━━ Provided records

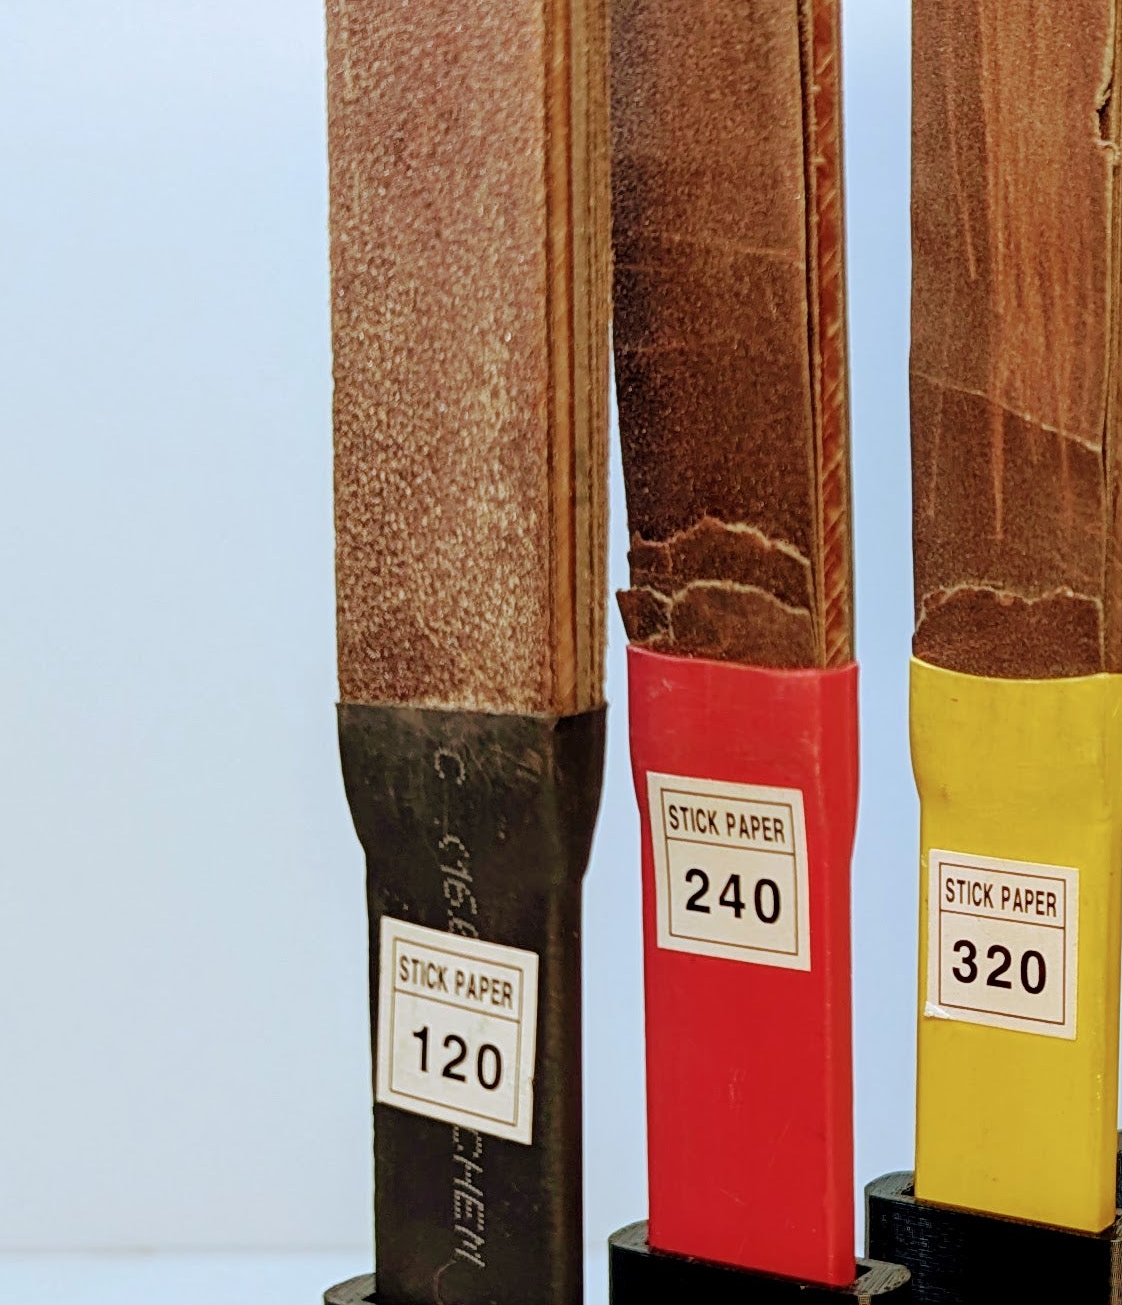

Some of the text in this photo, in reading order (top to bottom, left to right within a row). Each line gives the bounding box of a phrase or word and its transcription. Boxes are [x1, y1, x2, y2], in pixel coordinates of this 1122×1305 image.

[669, 804, 785, 844] STICK PAPER
[685, 868, 780, 924] 240
[945, 877, 1057, 918] STICK PAPER
[400, 955, 513, 1010] STICK PAPER
[952, 939, 1047, 995] 320
[413, 1025, 502, 1091] 120

━━━━

## Task prompt
Reproduce the listing exactly. The pictures are to be omitted.

## Solved exercise
Some of the text in this photo, in reading order (top to bottom, left to right within a row). Each line gives the bounding box of a phrase or word and its transcription. Boxes are [x1, y1, x2, y2], in pixel coordinates of this 1122×1305 image.

[669, 804, 785, 844] STICK PAPER
[685, 868, 780, 924] 240
[945, 877, 1057, 918] STICK PAPER
[400, 955, 513, 1010] STICK PAPER
[952, 939, 1047, 995] 320
[413, 1025, 502, 1091] 120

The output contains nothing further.